LISTED RECORDS:
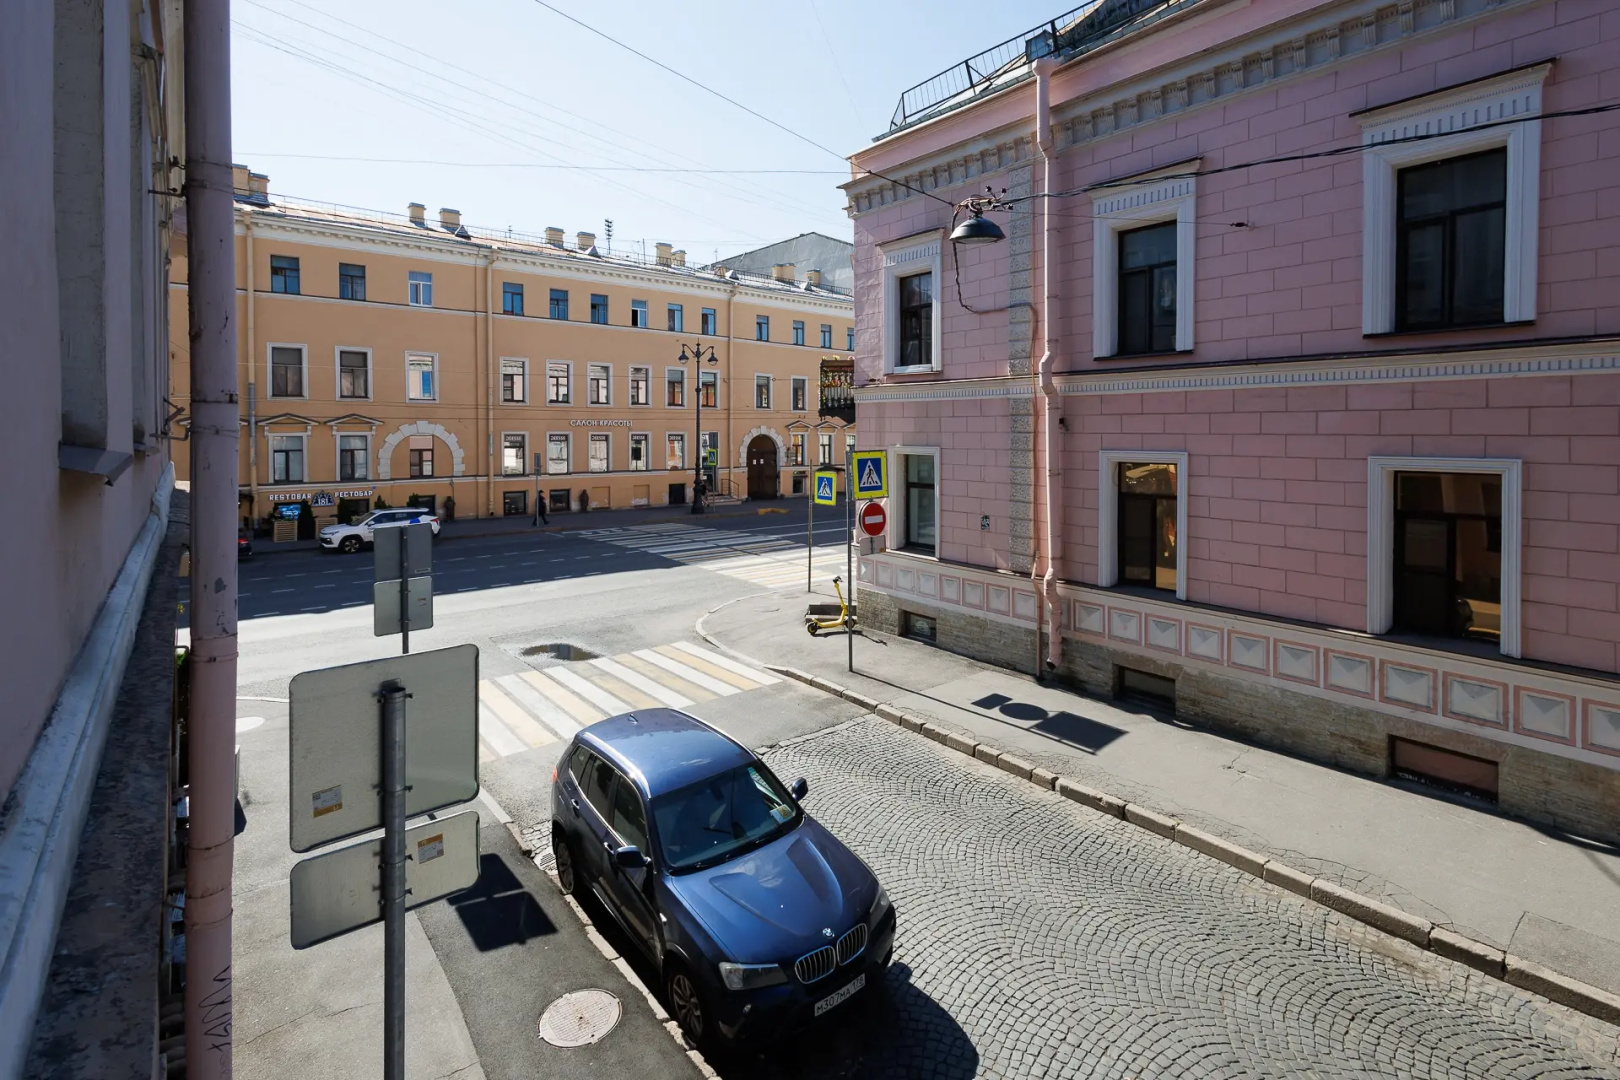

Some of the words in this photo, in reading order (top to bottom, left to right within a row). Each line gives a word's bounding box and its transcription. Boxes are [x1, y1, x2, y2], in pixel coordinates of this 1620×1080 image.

[570, 419, 597, 427] САЛОН
[599, 419, 633, 427] КРАСОТЫ
[269, 493, 312, 501] RESTOBAR
[334, 490, 373, 498] РЕСТОБАР
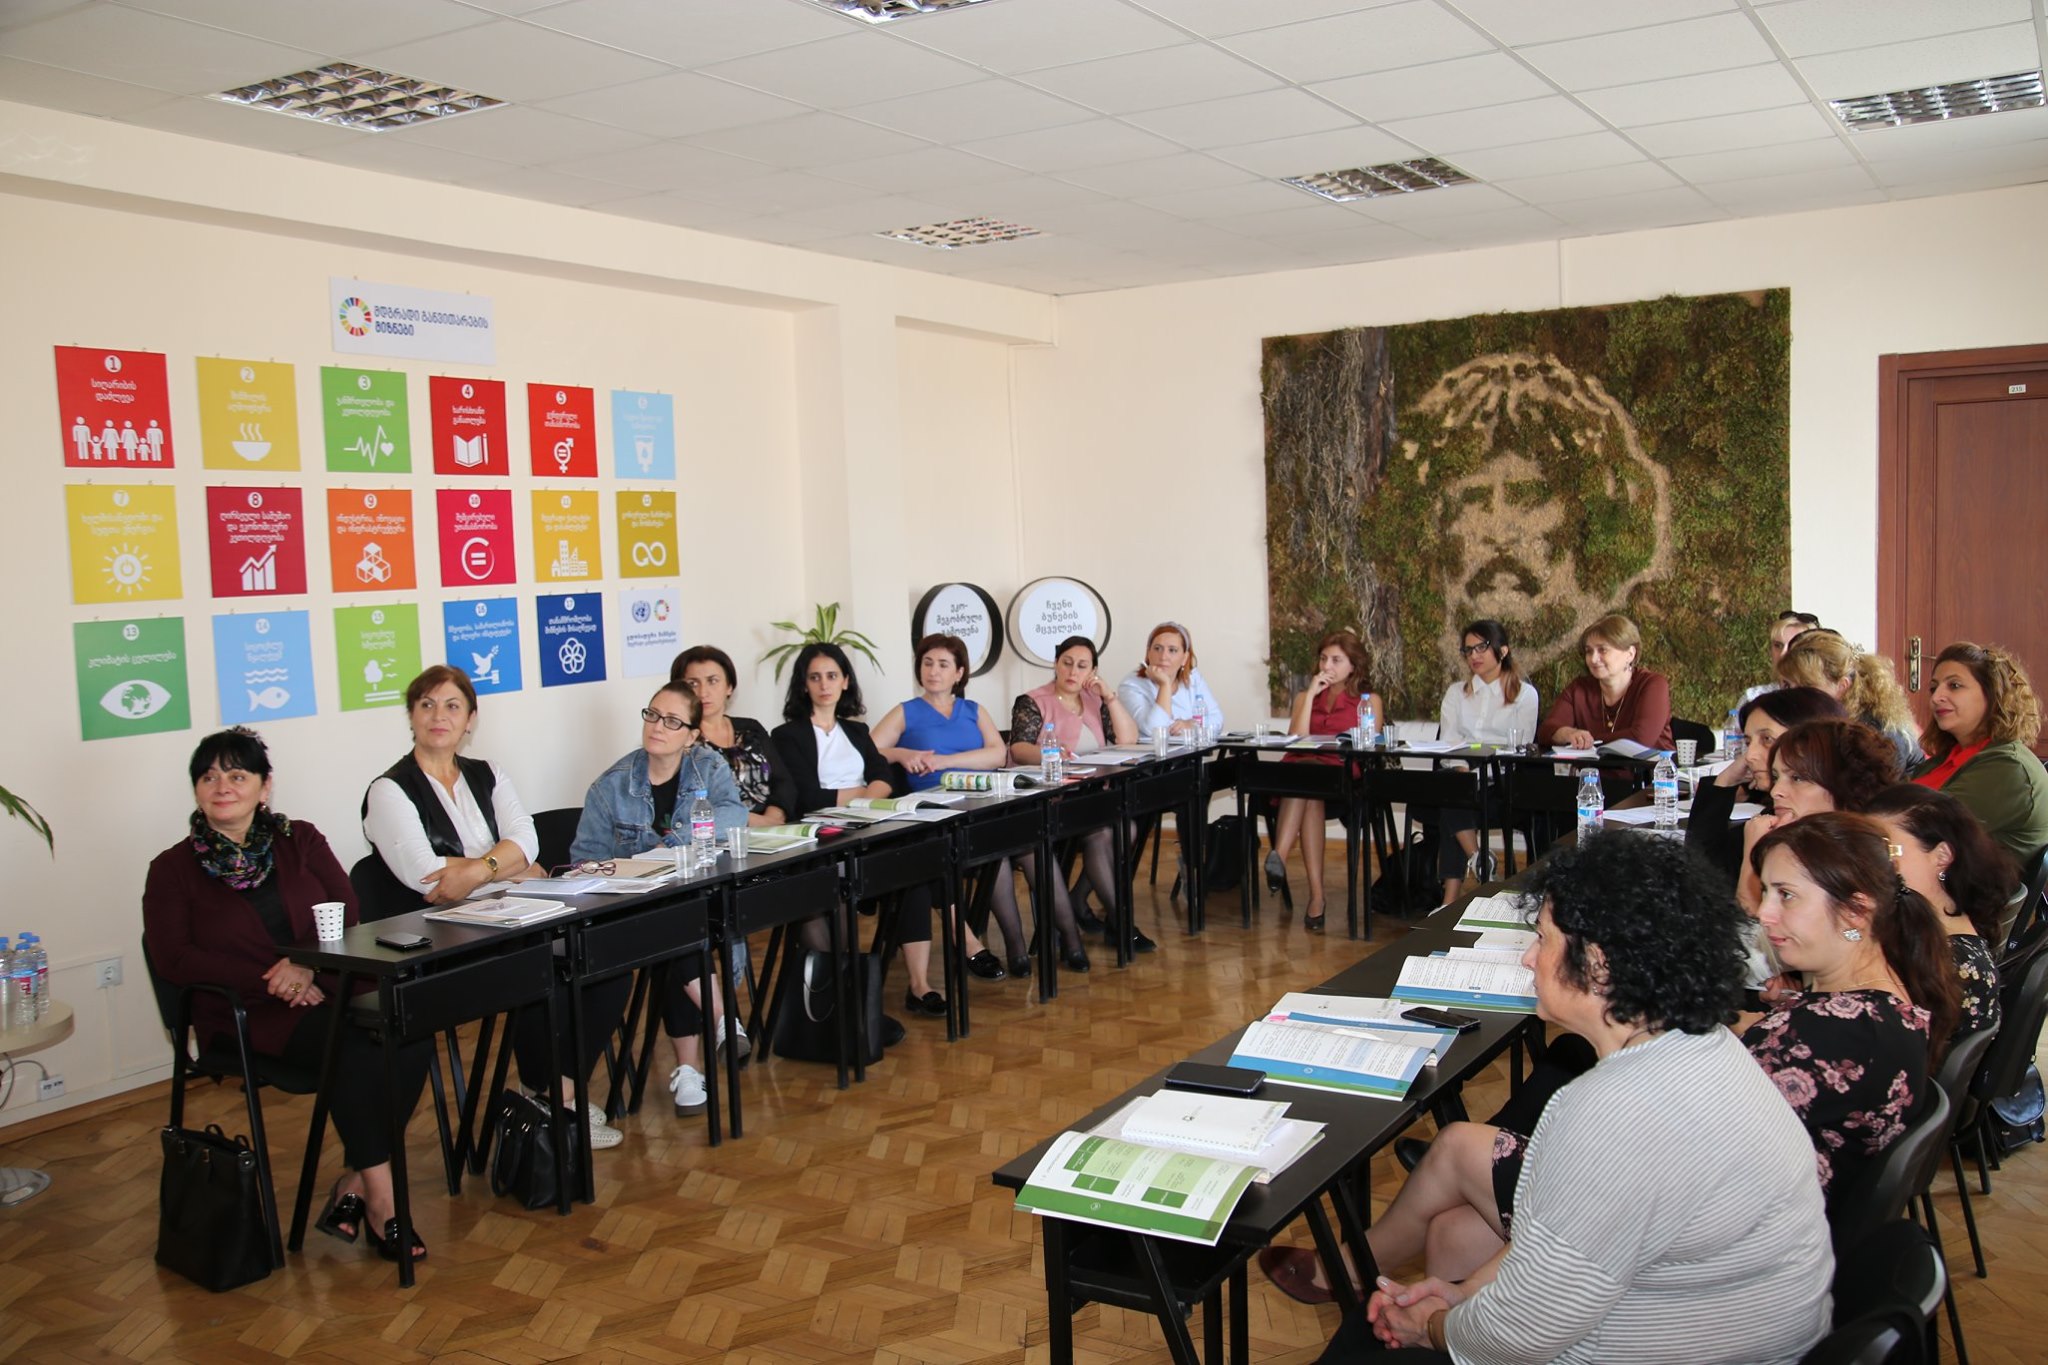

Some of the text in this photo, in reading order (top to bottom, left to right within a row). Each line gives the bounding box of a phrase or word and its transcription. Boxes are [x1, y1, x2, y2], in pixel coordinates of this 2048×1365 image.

HOW TO COMPLETE THIS TASK:
Nothing but the records, repeated exactly and stripped of pictures, should appear in the answer.

SOLVED EXERCISE:
Some of the words in this photo, in reading order (top to bottom, left to right within a row). Each line gives a word's bounding box and its transcription. Boxes are [x1, y1, x2, y2], in pixel coordinates of this 1620×1080 image.

[570, 419, 597, 427] САЛОН
[599, 419, 633, 427] КРАСОТЫ
[269, 493, 312, 501] RESTOBAR
[334, 490, 373, 498] РЕСТОБАР

Some of the text in this photo, in reading order (top to bottom, left to right within a row). Each line gives the bounding box of a phrase or word and its transcription. Boxes are [x1, y1, x2, y2], in pixel coordinates of this 2048×1365 image.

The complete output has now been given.